Word for word, write out all the entries below, omitting every picture.

Records shown:

· · ·

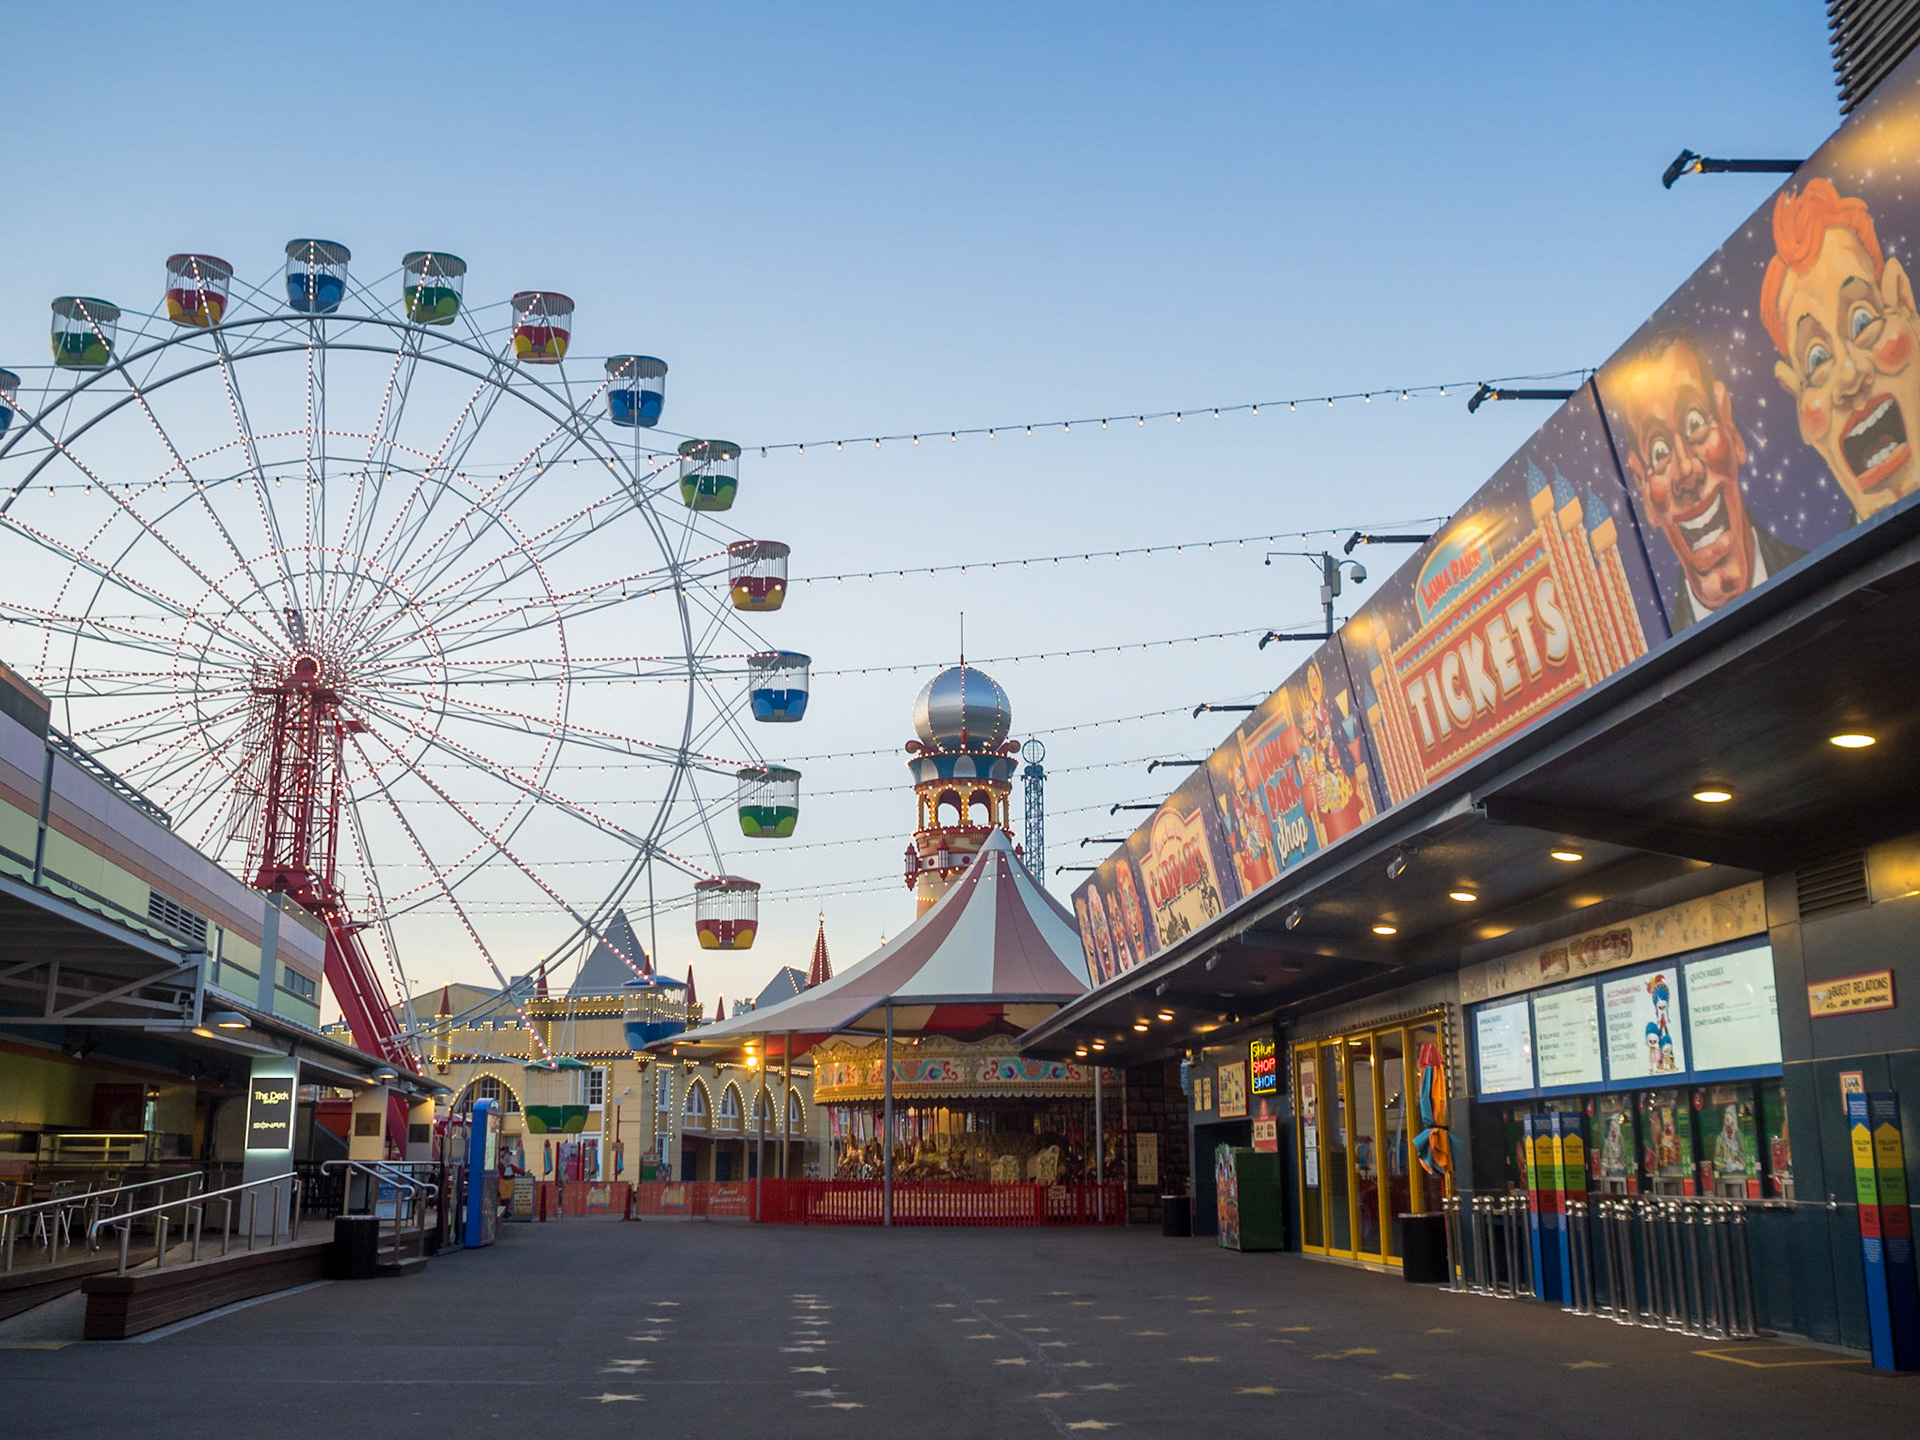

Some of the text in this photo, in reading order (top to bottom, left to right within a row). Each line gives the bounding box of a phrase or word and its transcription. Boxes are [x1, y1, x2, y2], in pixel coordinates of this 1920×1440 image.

[1420, 538, 1482, 614] LUNA PARK
[1406, 577, 1569, 753] TICKETS
[1253, 737, 1291, 787] LUNA
[1265, 767, 1301, 822] PARK
[1277, 814, 1308, 869] Shop
[1149, 833, 1204, 911] CARPARK
[1570, 928, 1633, 969] TICKETS
[1707, 967, 1724, 977] PASSES
[1831, 977, 1888, 997] GUEST RELATIONS
[1253, 1057, 1276, 1073] SHOP
[1254, 1074, 1276, 1089] SHOP
[254, 1091, 289, 1100] The Deck
[253, 1121, 286, 1130] SONAR

· · ·

Response area:
Some of the text in this photo, in reading order (top to bottom, left to right within a row). Each line gives the bounding box of a phrase or word and its transcription. Boxes are [x1, y1, x2, y2], in pixel coordinates of this 1920×1440 image.

[1420, 538, 1482, 614] LUNA PARK
[1406, 577, 1569, 753] TICKETS
[1253, 737, 1291, 787] LUNA
[1265, 767, 1301, 822] PARK
[1277, 814, 1308, 869] Shop
[1149, 833, 1204, 911] CARPARK
[1570, 928, 1633, 969] TICKETS
[1707, 967, 1724, 977] PASSES
[1831, 977, 1888, 997] GUEST RELATIONS
[1253, 1057, 1276, 1073] SHOP
[1254, 1074, 1276, 1089] SHOP
[254, 1091, 289, 1100] The Deck
[253, 1121, 286, 1130] SONAR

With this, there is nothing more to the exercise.